Monday, April 30, 2018

Design Constraints Make Innovation Happen

I participated in a SURGE Spring 2018 session on co-creation. Don't know what SURGE Spring 2018 is? It's an online, virtual conference put on by Association Success. Sessions have been recorded and are being posted this week (May 2-4, 2018). Mine will be posted on May 4. Go here for more info.

Don't know what co-creation is? You're not alone. In planning for our session my fellow panelists and I decided that we needed to start with a definition of the term -- and then discovered that we all had a slightly different one.

Here's mine. Co-creation is when an association and its members work together to create something that has value to both the association and its members.

The session was a fairly free-wheeling discussion of that topic. I think it was a good one, but I won't try to recap it here. What I'm doing instead over a series of posts is highlighting some the the new thoughts that occurred to me as I listened to the comments of my fellow panelists.

I already talked about one: The Process is the Product.

Here's another. Design constraints make innovation happen.

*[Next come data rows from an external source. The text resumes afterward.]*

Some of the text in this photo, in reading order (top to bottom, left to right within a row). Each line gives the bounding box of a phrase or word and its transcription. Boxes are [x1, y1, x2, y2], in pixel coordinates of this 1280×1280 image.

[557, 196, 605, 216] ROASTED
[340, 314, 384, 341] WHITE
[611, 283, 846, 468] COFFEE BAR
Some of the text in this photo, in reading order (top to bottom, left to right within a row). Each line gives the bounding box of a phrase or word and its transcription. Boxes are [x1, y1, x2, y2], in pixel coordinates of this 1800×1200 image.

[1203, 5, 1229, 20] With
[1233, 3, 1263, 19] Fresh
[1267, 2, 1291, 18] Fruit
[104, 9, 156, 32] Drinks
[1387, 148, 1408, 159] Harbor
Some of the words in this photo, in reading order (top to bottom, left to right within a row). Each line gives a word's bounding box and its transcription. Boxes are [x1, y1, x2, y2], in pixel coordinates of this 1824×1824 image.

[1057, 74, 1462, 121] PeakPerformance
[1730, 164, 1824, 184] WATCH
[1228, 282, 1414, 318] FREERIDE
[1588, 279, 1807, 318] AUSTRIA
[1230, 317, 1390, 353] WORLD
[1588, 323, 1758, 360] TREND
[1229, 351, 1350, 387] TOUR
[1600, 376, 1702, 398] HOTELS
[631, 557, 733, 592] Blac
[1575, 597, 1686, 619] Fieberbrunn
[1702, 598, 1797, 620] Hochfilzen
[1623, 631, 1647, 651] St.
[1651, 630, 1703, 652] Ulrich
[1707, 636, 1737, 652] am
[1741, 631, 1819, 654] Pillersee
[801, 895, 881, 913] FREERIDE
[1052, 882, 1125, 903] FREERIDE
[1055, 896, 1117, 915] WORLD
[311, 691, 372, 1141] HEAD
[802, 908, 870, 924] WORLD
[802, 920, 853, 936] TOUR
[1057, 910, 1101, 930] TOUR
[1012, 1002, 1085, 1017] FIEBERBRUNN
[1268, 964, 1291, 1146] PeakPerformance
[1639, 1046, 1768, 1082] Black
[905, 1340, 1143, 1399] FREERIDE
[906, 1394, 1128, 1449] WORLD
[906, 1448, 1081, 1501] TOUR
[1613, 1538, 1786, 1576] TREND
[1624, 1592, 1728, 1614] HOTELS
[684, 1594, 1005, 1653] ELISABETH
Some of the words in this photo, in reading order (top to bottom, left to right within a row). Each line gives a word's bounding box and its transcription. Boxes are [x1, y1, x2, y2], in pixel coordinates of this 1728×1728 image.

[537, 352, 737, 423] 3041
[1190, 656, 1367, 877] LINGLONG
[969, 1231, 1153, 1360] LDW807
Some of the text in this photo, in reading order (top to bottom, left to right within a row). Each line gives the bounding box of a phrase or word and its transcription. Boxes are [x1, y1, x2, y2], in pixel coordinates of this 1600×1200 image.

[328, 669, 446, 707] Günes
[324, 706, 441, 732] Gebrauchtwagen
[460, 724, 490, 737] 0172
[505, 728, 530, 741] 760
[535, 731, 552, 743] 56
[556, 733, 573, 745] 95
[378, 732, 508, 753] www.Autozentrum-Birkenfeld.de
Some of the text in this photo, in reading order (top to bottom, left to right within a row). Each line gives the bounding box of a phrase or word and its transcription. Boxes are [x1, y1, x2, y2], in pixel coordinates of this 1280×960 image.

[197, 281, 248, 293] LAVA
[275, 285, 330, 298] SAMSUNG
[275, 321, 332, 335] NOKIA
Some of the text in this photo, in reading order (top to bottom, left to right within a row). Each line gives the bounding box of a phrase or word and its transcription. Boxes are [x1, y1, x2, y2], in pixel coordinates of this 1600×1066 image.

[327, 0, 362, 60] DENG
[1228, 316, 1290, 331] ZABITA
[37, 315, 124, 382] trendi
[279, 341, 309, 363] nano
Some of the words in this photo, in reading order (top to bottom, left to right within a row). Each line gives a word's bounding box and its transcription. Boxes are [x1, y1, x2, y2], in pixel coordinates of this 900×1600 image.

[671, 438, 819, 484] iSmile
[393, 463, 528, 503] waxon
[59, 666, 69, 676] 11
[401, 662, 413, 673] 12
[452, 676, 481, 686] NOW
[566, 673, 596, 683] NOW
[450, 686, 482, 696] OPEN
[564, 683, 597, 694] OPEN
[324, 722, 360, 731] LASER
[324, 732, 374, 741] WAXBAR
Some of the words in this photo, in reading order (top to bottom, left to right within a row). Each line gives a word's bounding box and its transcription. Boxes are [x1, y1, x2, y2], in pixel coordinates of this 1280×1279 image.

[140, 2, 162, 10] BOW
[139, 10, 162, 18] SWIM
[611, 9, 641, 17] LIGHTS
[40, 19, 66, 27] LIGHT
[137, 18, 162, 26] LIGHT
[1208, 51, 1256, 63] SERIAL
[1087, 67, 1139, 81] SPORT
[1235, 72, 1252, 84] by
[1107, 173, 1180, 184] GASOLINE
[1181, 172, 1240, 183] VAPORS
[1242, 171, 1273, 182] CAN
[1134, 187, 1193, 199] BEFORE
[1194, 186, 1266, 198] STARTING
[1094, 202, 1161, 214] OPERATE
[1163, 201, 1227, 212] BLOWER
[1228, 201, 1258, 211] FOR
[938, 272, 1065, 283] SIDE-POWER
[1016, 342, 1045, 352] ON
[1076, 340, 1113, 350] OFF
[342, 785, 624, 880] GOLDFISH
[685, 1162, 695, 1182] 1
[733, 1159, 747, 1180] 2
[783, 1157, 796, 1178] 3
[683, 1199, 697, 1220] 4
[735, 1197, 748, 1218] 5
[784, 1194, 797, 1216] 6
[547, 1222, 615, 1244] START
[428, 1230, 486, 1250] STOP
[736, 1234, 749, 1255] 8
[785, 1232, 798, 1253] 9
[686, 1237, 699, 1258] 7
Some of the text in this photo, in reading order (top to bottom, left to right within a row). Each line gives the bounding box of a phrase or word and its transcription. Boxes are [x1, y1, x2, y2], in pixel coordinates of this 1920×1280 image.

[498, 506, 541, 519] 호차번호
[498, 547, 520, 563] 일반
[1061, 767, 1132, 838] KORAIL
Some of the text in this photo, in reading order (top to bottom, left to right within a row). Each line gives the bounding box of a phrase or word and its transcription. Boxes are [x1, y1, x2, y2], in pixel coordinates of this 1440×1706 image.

"Design constraints" was actually a new term for me. But once I heard it, I realized I had been describing them using different words when I've talked about the need for staff to keep the keys to the resource closet in their possession in any co-creation activity.

One perceived danger of associations co-creating with their members is the idea that members, if given the chance, will gobble up all of the association's resources for their pet projects. By resources I mean money, yes, but I also mean staff time. How, someone may ask, are we supposed to support a hundred different projects for a hundred different members?

I think the people asking those kind of questions are missing the point. Hopefully, when you apply the principle of design constraints the point of this exercise will make itself more clear. Just because most associations are not in a position to allow co-creation to take place at whatever level their members would define, that doesn't mean that those same associations can't allow co-creation to take place at levels that they themselves define.

In other words, an association might invite its members to come in and co-create a program or a service with it but, in doing so, that association can legitimately place limits on the amount of resources that will be applied to the project.

Our members, the association might say, tell us they need a program that serves a particular need, and we want a group of members who feel that need to work collaboratively with us to build that program. But in doing so, know that the association has only so much to spend on the program, and only so many staff hours will be dedicated to its development and delivery.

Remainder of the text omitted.